In accordo con altre teorie, le figure sintomatiche hanno ormai raggiunto una completa autonomia dallo sviamento di potere e hanno una valenza sostanziale, oltre che processuale. Esse cioè sono riconducibili alla violazione dei principi generali dell'azione amministrativa e più precisamente dei principi che presiedono all'esercizio della discrezionalità.

In una siffatta logica, il giudice non entra nel merito delle scelte discrezionali sostituendo la propria valutazione a quella effettuata dall'amministrazione, ma «riesamina l'iter logico di formazione del provvedimento amministrativo» le contraddizioni e le incongruenze.
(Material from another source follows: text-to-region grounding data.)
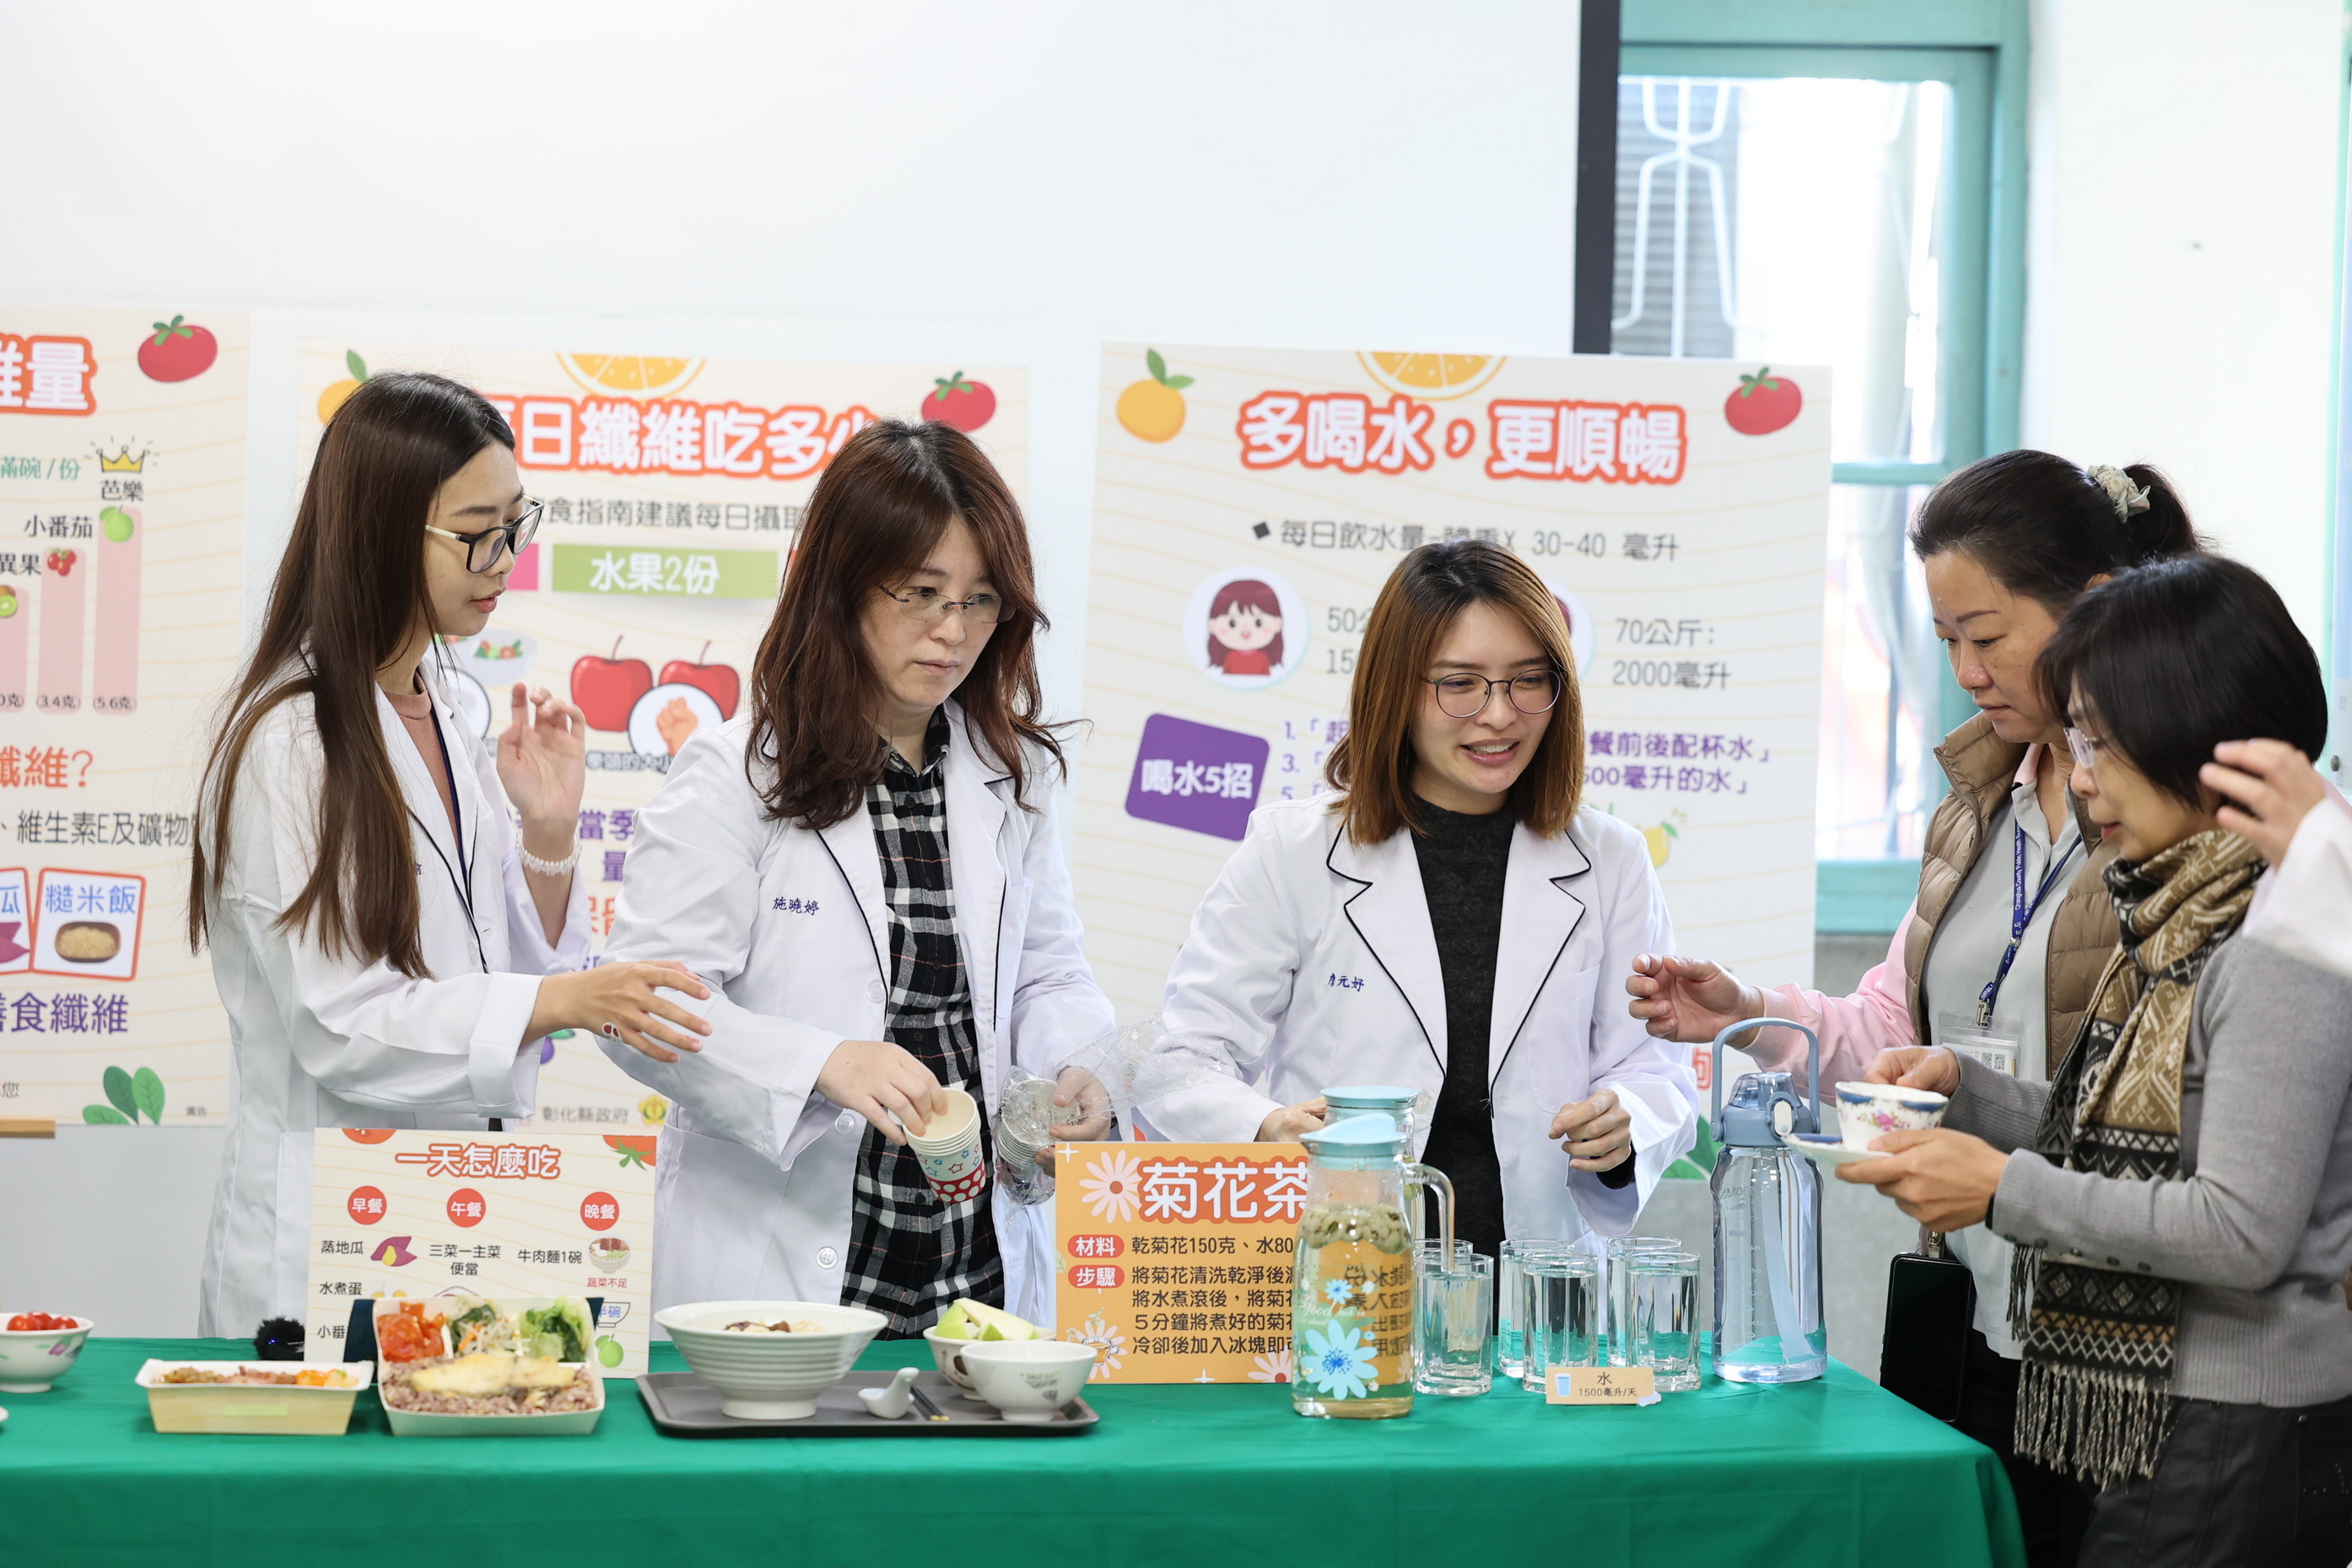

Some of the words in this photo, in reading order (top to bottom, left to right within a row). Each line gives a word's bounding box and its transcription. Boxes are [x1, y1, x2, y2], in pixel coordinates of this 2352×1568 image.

[501, 400, 876, 476] 日纖維吃多
[1240, 395, 1683, 481] 多喝水，更順暢
[100, 481, 144, 503] 芭樂
[537, 496, 801, 531] 食指南建議每日攝
[24, 515, 94, 540] 小番茄
[1532, 531, 1606, 558] 30-40
[1622, 533, 1680, 563] 毫升
[591, 552, 720, 595] 水果2份
[1612, 660, 1732, 691] 2000毫升
[1141, 758, 1254, 800] 喝水5招
[2015, 870, 2023, 886] County
[46, 884, 137, 914] 糙米飯
[772, 896, 820, 916] 施曉婷
[2015, 886, 2023, 911] Changhua
[0, 992, 129, 1035] 食纖維
[542, 1105, 629, 1124] 彰化縣政府
[396, 1143, 560, 1178] 一天怎麼吃
[1141, 1161, 1308, 1220] 菊花茶
[351, 1197, 383, 1215] 早餐
[450, 1201, 483, 1218] 午餐
[584, 1203, 616, 1220] 晚餐
[321, 1240, 364, 1256] 蒸地瓜
[429, 1245, 502, 1260] 三菜一主菜
[1076, 1237, 1116, 1257] 材料
[1131, 1237, 1294, 1255] 乾菊花150克、水80
[517, 1248, 583, 1265] 牛肉麵1碗
[450, 1261, 479, 1276] 便當
[1076, 1266, 1116, 1287] 步驟
[319, 1281, 363, 1296] 水煮蛋
[586, 1277, 628, 1289] 蔬菜不足
[1597, 1371, 1613, 1386] 水
[1578, 1387, 1637, 1398] 1500毫升/天
Il sindacato sul provvedimento dell'amministrazione può essere anche molto permeante seppure esso resti pur sempre esterno e indiretto e pertanto non deborda dal perimetro del sindacato di legittimità.

Recentemente le figure sintomatiche sono state ricondotte alle clausole generali (buona fede, imparzialità) che, similmente a quanto accade nelle relazioni giuridiche privatistiche, sono la genesi di vincoli comportamentali nell'ambito del rapporto giuridico amministrativo che intercorre fra tra la P.A. e il cittadino.

Concludendo, le figure sintomatiche dell'eccesso di potere, pur essendo ormai riconosciute dalla giurisprudenza, hanno ancora uno statuto teorico dubbio. Si ritiene che esse possano essere invero considerate sic et simpliciter, come figure retoriche ormai convenzionalmente riconosciute nella prassi argomentativa del giudice amministrativo.